- _PROBLEM TO WORK ON_
Would you please return the data below verbatim, without its pictures?

- _INFORMATION_
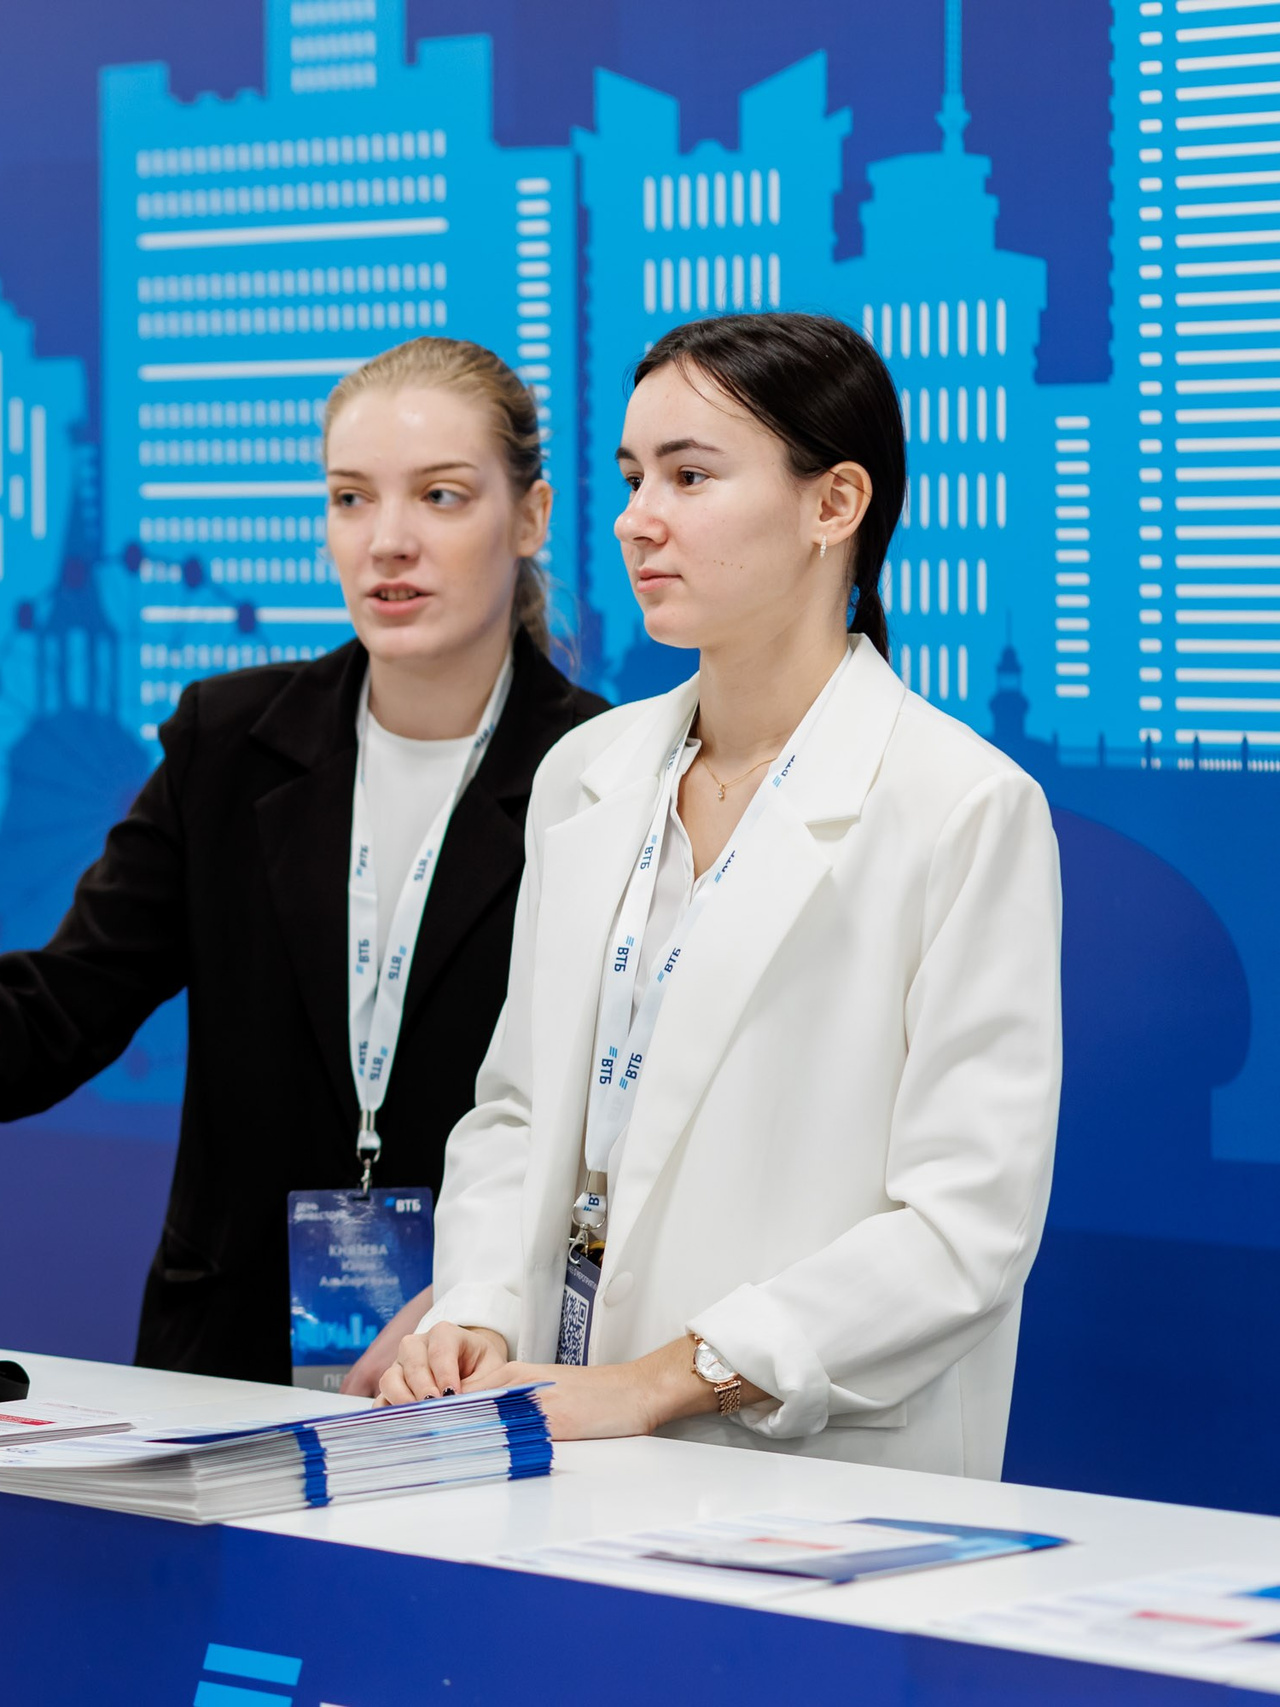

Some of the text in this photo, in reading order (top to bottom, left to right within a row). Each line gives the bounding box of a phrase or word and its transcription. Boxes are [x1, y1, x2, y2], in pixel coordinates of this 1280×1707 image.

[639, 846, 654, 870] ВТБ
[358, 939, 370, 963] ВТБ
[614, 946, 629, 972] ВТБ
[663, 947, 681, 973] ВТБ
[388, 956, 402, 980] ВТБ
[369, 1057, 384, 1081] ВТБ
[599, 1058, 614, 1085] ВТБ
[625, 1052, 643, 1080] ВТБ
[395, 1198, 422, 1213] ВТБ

- _SOLUTION_
Some of the text in this photo, in reading order (top to bottom, left to right within a row). Each line gives the bounding box of a phrase or word and its transcription. Boxes are [x1, y1, x2, y2], in pixel coordinates of this 1280×1707 image.

[639, 846, 654, 870] ВТБ
[358, 939, 370, 963] ВТБ
[614, 946, 629, 972] ВТБ
[663, 947, 681, 973] ВТБ
[388, 956, 402, 980] ВТБ
[369, 1057, 384, 1081] ВТБ
[599, 1058, 614, 1085] ВТБ
[625, 1052, 643, 1080] ВТБ
[395, 1198, 422, 1213] ВТБ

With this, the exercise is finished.